También valoro la ventilación del escudo con orificios: con el calor o cuando hay más baba, el área de piel alrededor no se me irritó tanto como con modelos con menos circulación. No es magia, pero ayuda a que el contacto sea más llevadero.
Mantenimiento y durabilidad
En mi casa la higiene la gestioné con una rutina sencilla y constante: limpieza previa y después reposición por tiempo. Para la primera higiene y para reusar cuando venía de calle o de la funda, seguí el método de remojo en agua hirviendo 3-5 minutos y secado al aire sobre una superficie plana. Lo importante para que no se deforme nada es no pasarse del tiempo del remojo y no manipular el chupete cuando aún está demasiado caliente.
Evité deliberadamente tres cosas, por experiencia: microondas, lavavajillas y esterilizadores. No porque “se rompa seguro”, sino porque me ha pasado con otros chupetes que el material puede acartonarse, perder elasticidad o deformarse con el tipo de calor/choque térmico que usa cada sistema.
Sobre la durabilidad: la silicona, al usarse a diario, con el tiempo muestra microseñales (más pegajosidad, pequeñas marcas, adelgazamiento). Por eso me encaja la recomendación de reemplazar tras 1-2 meses de uso constante, o antes si veo desgaste o daños. En mis hijos, cuando el chupete empezaba a no “ajustar” igual o aparecían señales de uso, ya no insistía: cambiaba para evitar que pierda prestaciones y para mantener la higiene real.
Un consejo práctico: reviso a diario en la zona de unión y en la tetina (especialmente bordes y cuello). Si noto fisuras, deformación o que la silicona “se abre” en algún punto, lo retiro directamente.
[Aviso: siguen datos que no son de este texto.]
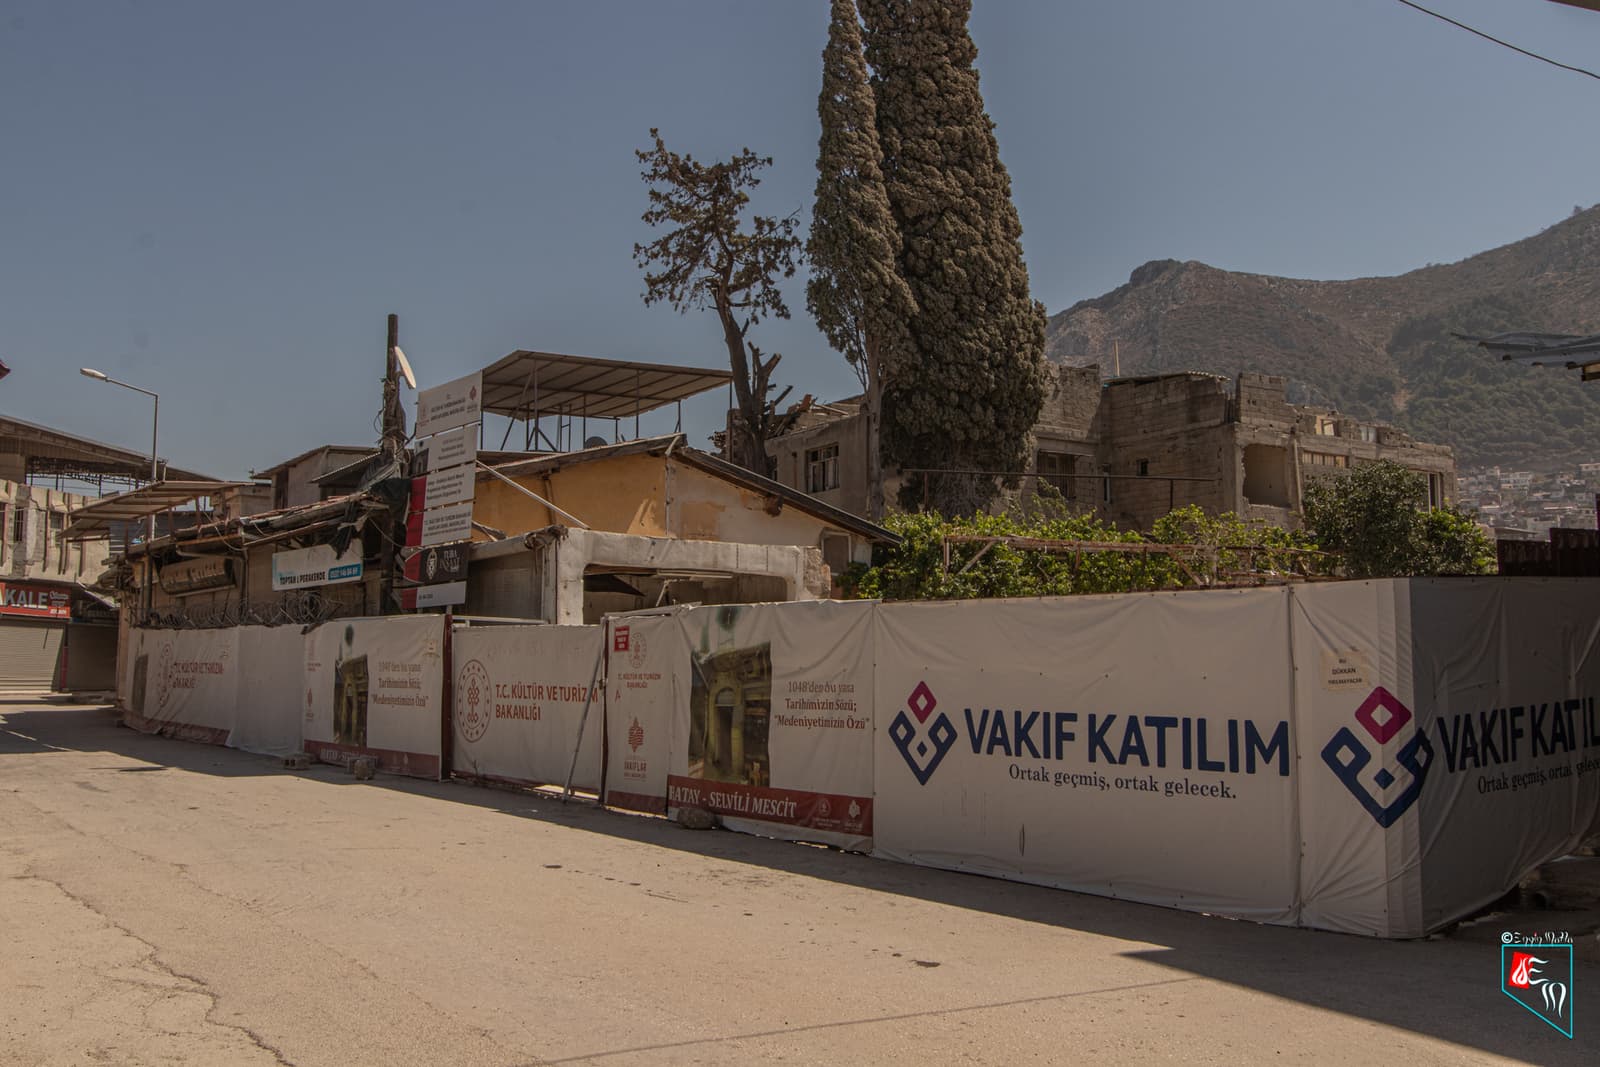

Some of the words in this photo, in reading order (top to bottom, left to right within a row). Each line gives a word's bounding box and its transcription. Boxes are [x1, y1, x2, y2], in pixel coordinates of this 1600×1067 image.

[6, 588, 49, 609] KALE
[496, 684, 510, 699] T.C.
[511, 681, 544, 701] KÜLTÜR
[545, 685, 558, 701] VE
[496, 703, 541, 721] BAKANLIĞI
[785, 698, 833, 711] Tarihimizin
[964, 708, 1078, 760] VAKIF
[1087, 713, 1289, 777] KATILIM
[1437, 706, 1525, 774] VAKIF
[1009, 763, 1050, 782] Ortak
[1054, 770, 1110, 791] geçmiş,
[1115, 775, 1159, 793] ortak
[1164, 778, 1237, 799] gelecek.
[1478, 771, 1510, 794] Ortak
[709, 791, 750, 812] SELVİLİ
[752, 796, 797, 818] MESCİT
Puntos fuertes y aspectos mejorables
Puntos fuertes
- Materiales de calidad: escudo PP y tetina de silicona de grado médico, con tacto adecuado para uso sostenido.
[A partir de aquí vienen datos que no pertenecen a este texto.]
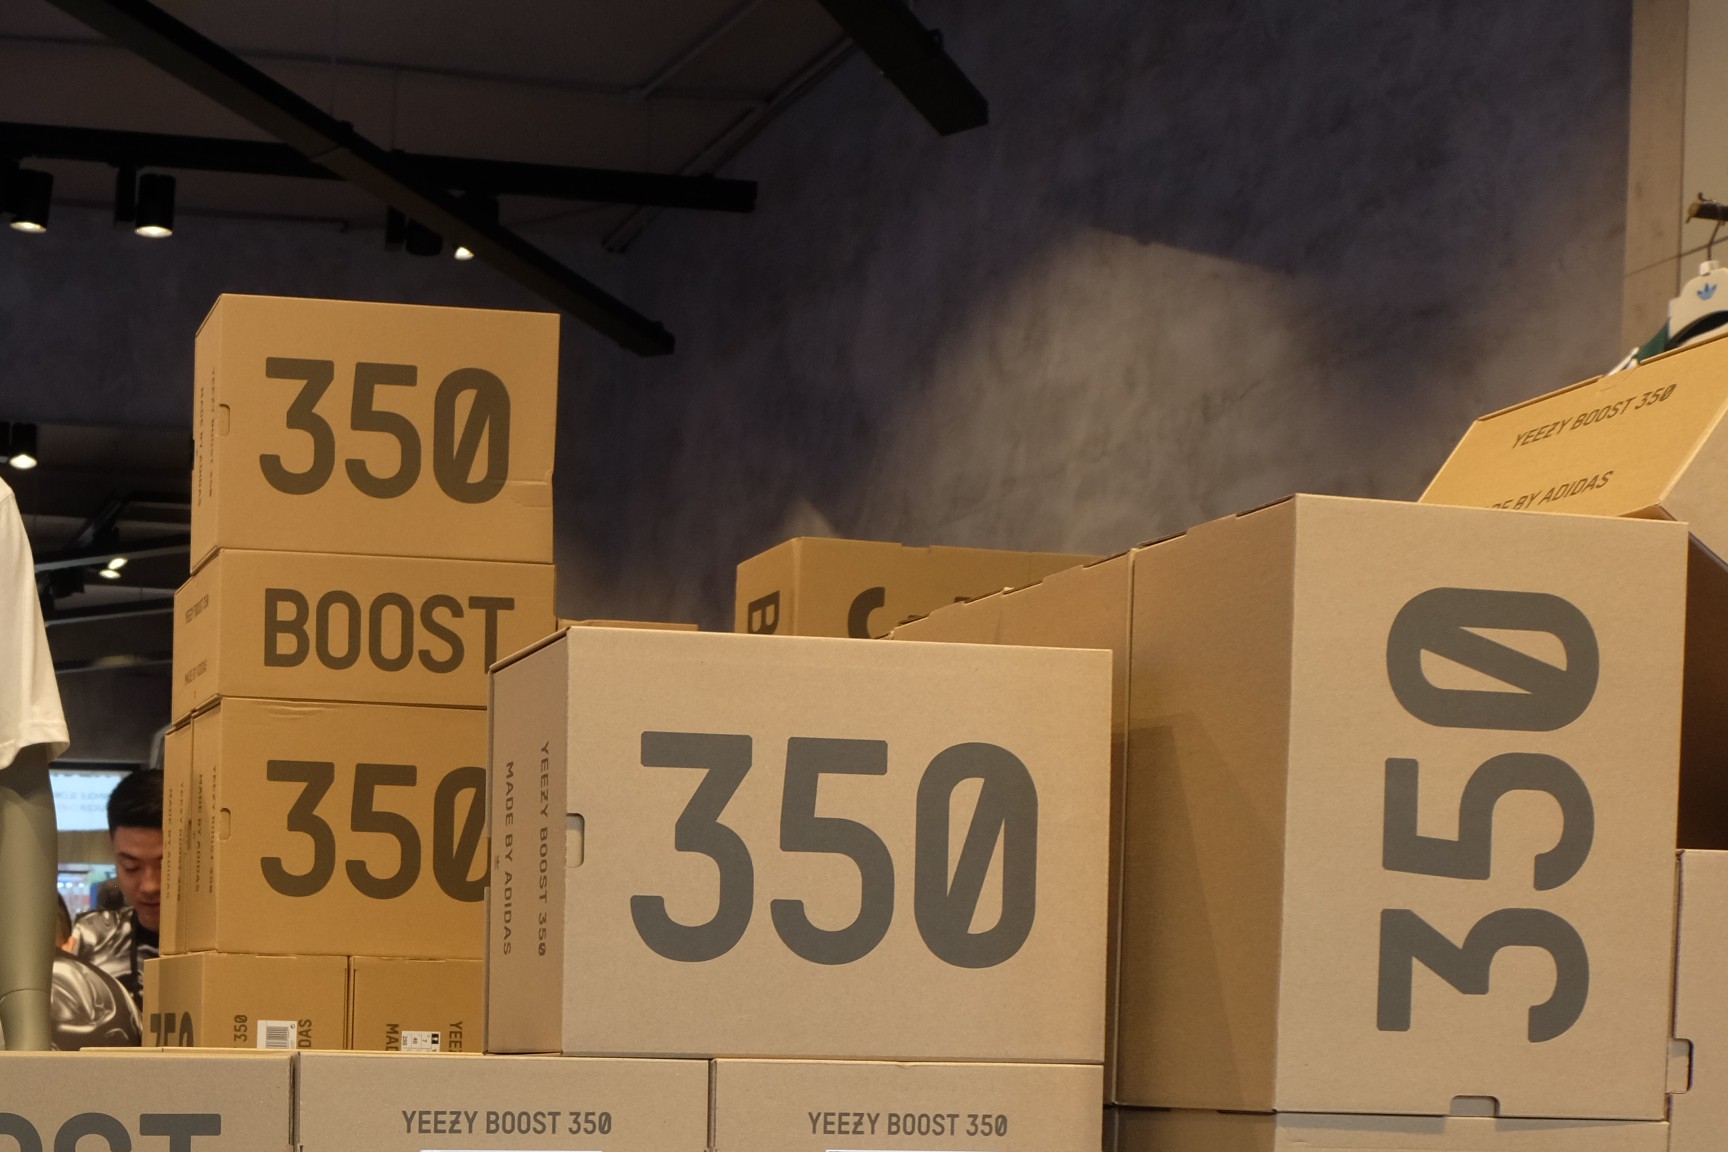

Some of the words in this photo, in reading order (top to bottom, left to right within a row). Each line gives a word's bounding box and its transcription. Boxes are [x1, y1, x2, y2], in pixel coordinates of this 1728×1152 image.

[259, 356, 511, 504] 350
[1512, 417, 1573, 449] YEEZY
[1570, 396, 1638, 431] BOOST
[1634, 383, 1678, 410] 350
[1537, 470, 1615, 505] ADIDAS
[263, 587, 515, 674] BOOST
[505, 761, 514, 827] MADE
[540, 741, 549, 818] YEEZY
[1376, 586, 1600, 1043] 350
[260, 760, 490, 903] 350
[504, 834, 513, 862] BY
[539, 826, 548, 903] BOOST
[630, 730, 1039, 969] 350
[503, 871, 512, 955] ADIDAS
[538, 911, 547, 956] 350
[234, 1015, 248, 1041] 350
[402, 1111, 478, 1133] YEEZY
[486, 1111, 561, 1134] BOOST
[569, 1112, 611, 1134] 350
[809, 1112, 880, 1134] YEEZY
[888, 1113, 959, 1136] BOOST
[967, 1114, 1007, 1136] 350
- Seguridad y ensayos: cumple EN1400 y prueba A2, y el montaje con click-lock da tranquilidad.
- Ventilación del escudo: reduce la sensación de humedad persistente, útil en bebés babosos.
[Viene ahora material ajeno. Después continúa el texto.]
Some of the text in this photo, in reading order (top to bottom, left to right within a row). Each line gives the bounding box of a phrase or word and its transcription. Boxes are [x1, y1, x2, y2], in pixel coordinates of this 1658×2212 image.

- Forma orientada a la etapa: al encajar bien en el rango 6-18 meses, facilita la aceptación y el mantenimiento en la boca.
Aspectos mejorables
- Como con cualquier chupete, la vida útil real depende del ritmo de uso. Yo he notado que, si se usa sin rotación (siempre el mismo y muchas horas), los tiempos de reemplazo se acortan por desgaste.
- El método de higiene con agua hirviendo funciona bien, pero exige organización: si un día vas con prisas y lo “llevas así”, el resultado final no es el mismo que con una limpieza metódica y secado al aire.
Comparándolo de forma genérica con alternativas del mercado: cuando hay tetinas anatómicas frente a diseños más planos, suele mejorar la tolerancia en bebés que ya han empezado a coordinar mejor la succión. Y en vez de depender de esterilizaciones agresivas, este modelo se presta a rutinas de limpieza más controladas, que a mí me han salido bien para preservar el material.
Veredicto del experto
Para mí, es un pack bastante coherente para bebés desde 6 meses: materiales correctos, tetina de silicona orientada a repartir mejor la presión y un escudo con ventilación que encaja con el día a día. Mi recomendación es usarlo con una rutina de higiene clara (remojo con tiempo controlado y secado al aire), revisar estado a menudo y no alargar más de lo razonable el reemplazo. Si buscas un chupete anatómico para acompañar sueño, paseos y momentos de regulación, este tipo de construcción suele ser una apuesta sólida y práctica.